Por FERNANDO SABINO (BH, 12/10/1923-Rio de Janeiro, 11/10/2004)
Leonora chegou-se para mim, a carinha mais limpa desse mundo:
– Engoli uma tampa de coca-cola.
Levantei as mãos para o céu: mais essa agora! Era uma festa de aniversário, o aniversário dela própria, que completava seis anos de idade. Convoquei imediatamente a família:
– Disse que engoliu uma tampa de coca-cola.
A mãe, os tios, os avós, todos a cercavam, nervosos e inquietos. Abre a boca minha filha. Agora não adianta: já engoliu. Deve ter arranhado. Mas engoliu como? Quem é que engole uma tampa de cerveja? De cerveja, não: de coca-cola. Pode ter ficado na garganta – urgia que tomássemos uma providência, não ficássemos ali, feito idiotas. Peguei-a no colo:
– Vem cá minha filhinha, conta só pra mim: você engoliu coisa nenhuma, não é isso mesmo? – Engoli sim papai!
Ela afirmava com decisão. Consultei o tio, baixinho: o que é que você acha? Ele foi buscar uma tampa de garrafa, separou a cortiça do metal:
– O que é que você engoliu: isto... Ou isto?
– Cuidado que ela engole outra. – Adverti.
– Isto! – E ela apontou com firmeza a parte de metal.
Não tinha dúvida: pronto-socorro. Dispus-me a carregá-la, mas alguém sugeriu que era melhor que ela fosse andando: auxiliava a digestão.
No hospital, o médico limitou-se a apalpar-lhe a barriguinha, cético:
– Dói aqui, minha filha? –
Quando falamos em radiografia, revelou-nos que o aparelho estava com defeito: só no pronto-socorro da cidade.
Batemos para o pronto-socorro da cidade. Outro médico nos atendeu com solicitude:
– Vamos já ver isto. –
Tirada a chapa, ficamos aguardando ansiosa revelação. Em pouco o médico regressava:
– Engoliu foi a garrafa.
– A garrafa? – Exclamei. Mas, era uma gracinha dele, cujo espírito passava muito ao largo da minha aflição: eu não estava para graças. Uma tampa de garrafa!

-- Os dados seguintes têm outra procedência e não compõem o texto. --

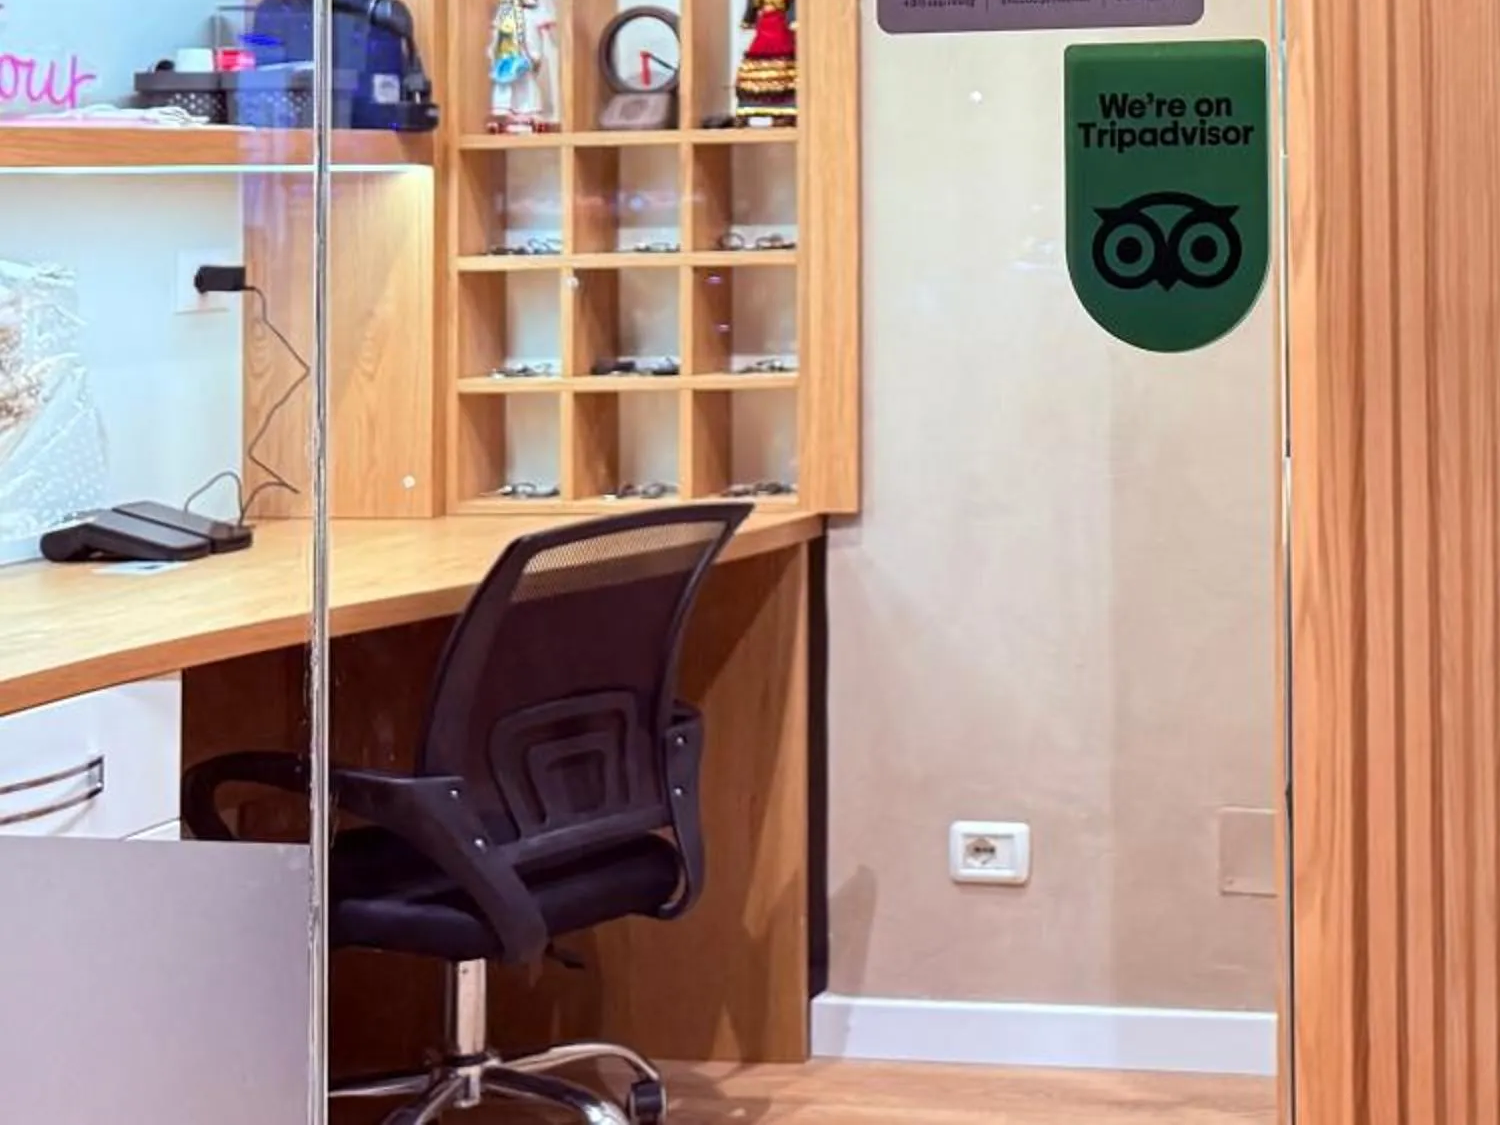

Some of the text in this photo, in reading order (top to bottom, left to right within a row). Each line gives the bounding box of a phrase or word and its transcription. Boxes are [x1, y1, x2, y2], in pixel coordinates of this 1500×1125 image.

[1098, 92, 1233, 120] We're on
[1077, 120, 1255, 154] Tripadvisor
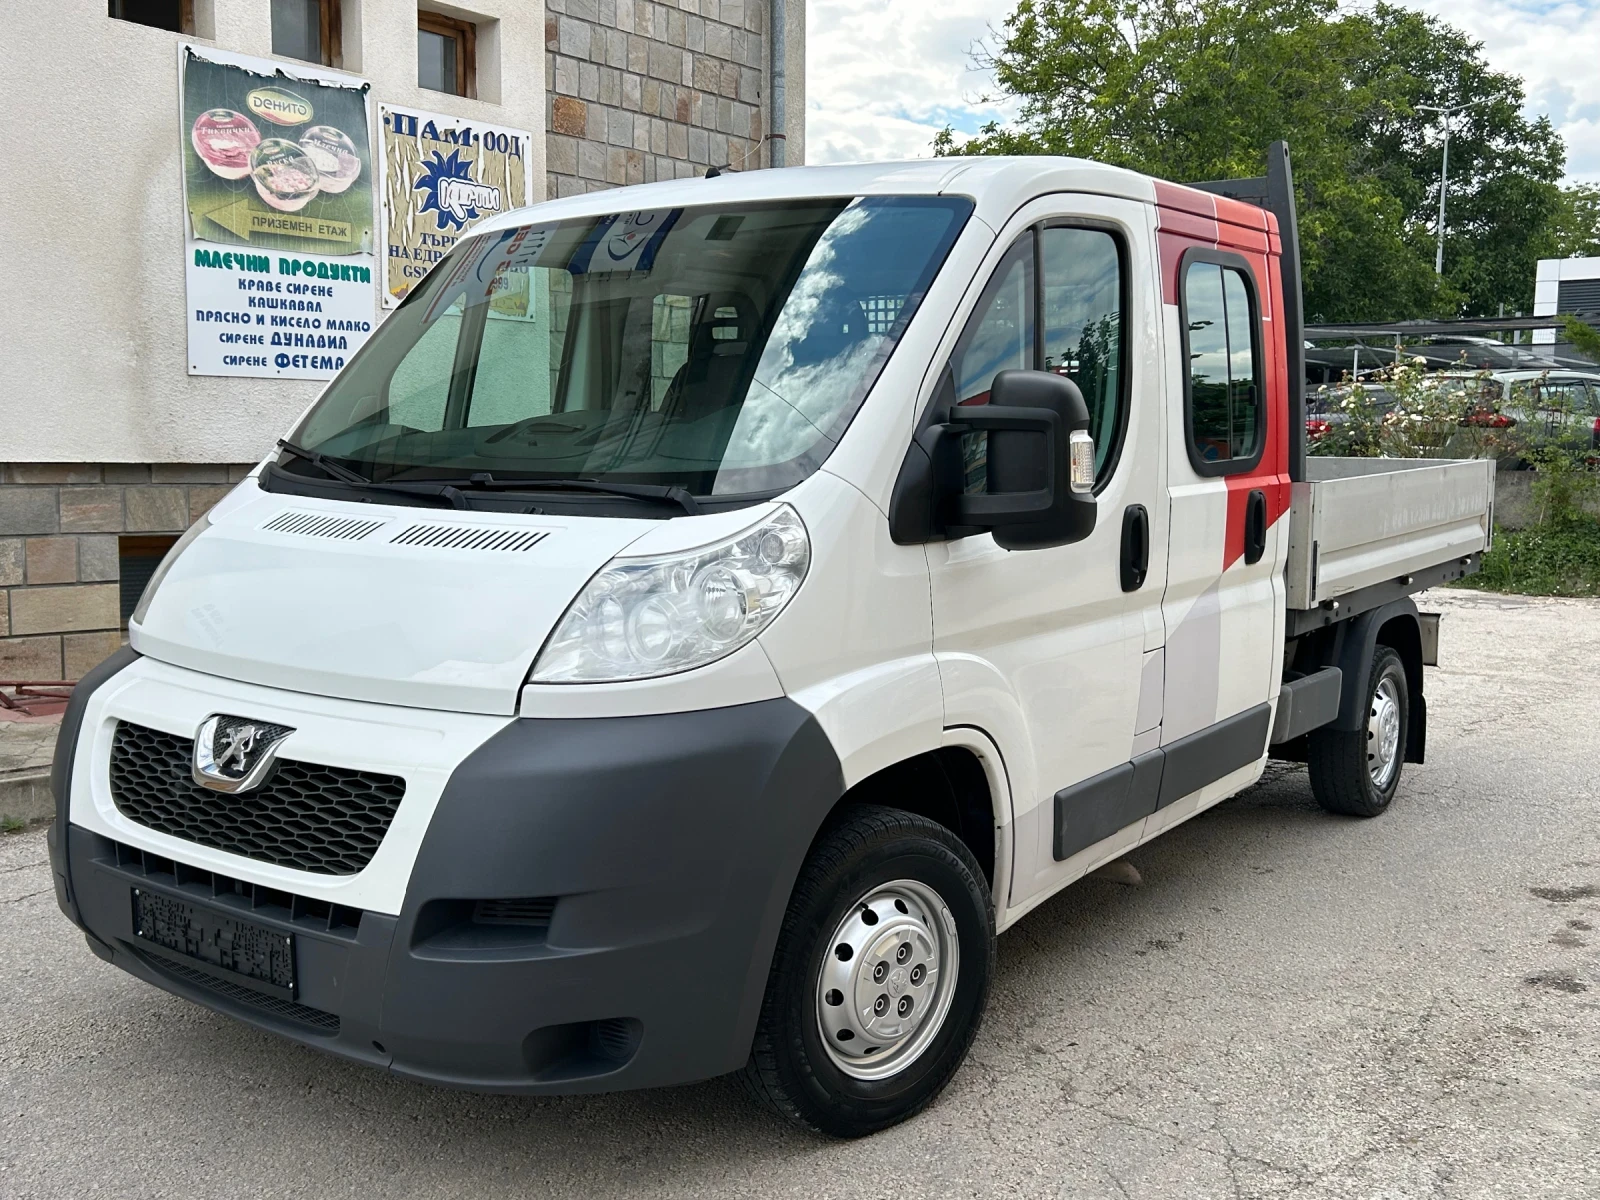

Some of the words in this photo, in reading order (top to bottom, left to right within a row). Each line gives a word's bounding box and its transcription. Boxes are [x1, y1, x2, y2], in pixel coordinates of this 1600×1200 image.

[391, 112, 473, 147] ПАМ
[483, 131, 521, 160] ООД
[252, 216, 313, 233] ПРИЗЕМЕН
[318, 224, 347, 237] ЕТАЖ
[389, 244, 409, 259] НА
[413, 247, 447, 265] ЕДР
[194, 249, 271, 274] МЛЕЧНИ
[278, 257, 371, 284] ПРОДУКТИ
[238, 278, 282, 293] КРАВЕ
[286, 283, 333, 297] СИРЕНЕ
[248, 296, 323, 313] КАШКАВАЛ
[196, 310, 251, 324] ПРЯСНО
[256, 314, 265, 326] И
[270, 315, 322, 329] КИСЕЛО
[326, 319, 371, 332] МЛЯКО
[219, 332, 264, 345] СИРЕНЕ
[223, 355, 267, 367] СИРЕНЕ
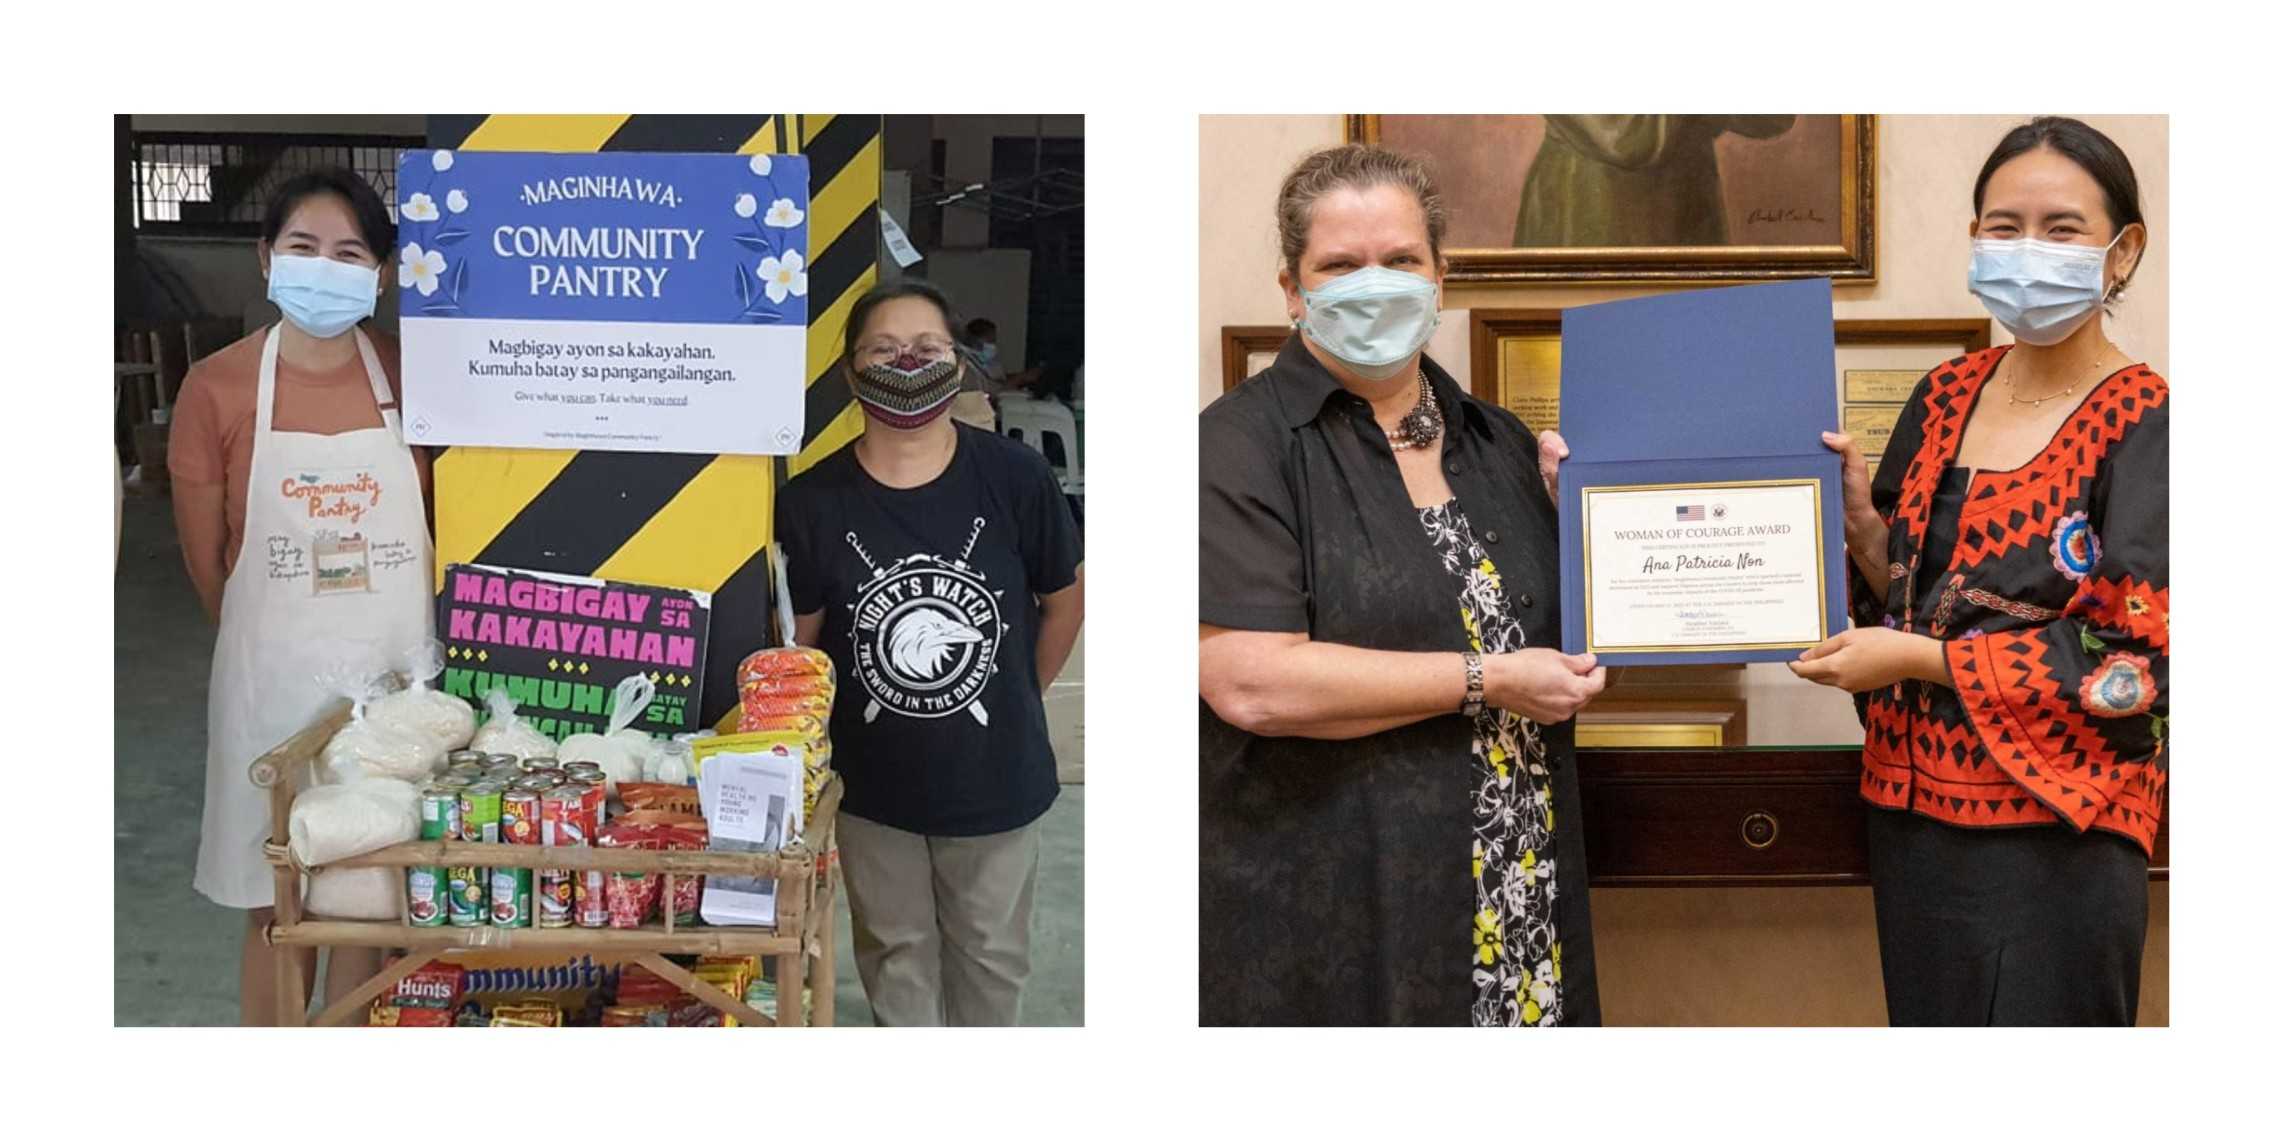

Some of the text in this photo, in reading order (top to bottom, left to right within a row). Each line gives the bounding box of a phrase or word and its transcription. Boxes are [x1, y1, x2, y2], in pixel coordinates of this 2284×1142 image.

Certamente precisaria operar – não haveria de sair por si mesma.
O médico pôs-se a rir de mim:
– Não engoliu coisa nenhuma. O senhor pode ir descansado.
– Engoli! – afirmou a menininha.
Voltei-me para ela:
– Como é que você ainda insiste minha filha?
– Que eu engoli, engoli.
– Pensa que engoliu. – emendei.
– Isso acontece. – sorriu o médico:
– Até com gente grande. Aqui já teve um guarda que pensou ter engolido o apito.
– Pois eu engoli mesmo. – comentou ela, intransigente.
– Você não pode ter engolido – arrematei já impaciente:
– Quer saber mais do que o médico?
– Quero. Eu engoli, e depois desengoli! – Esclareceu ela.
Nada mais havendo a fazer, engoli em seco, despedi-me do médico e bati em retirada com toda a comitiva.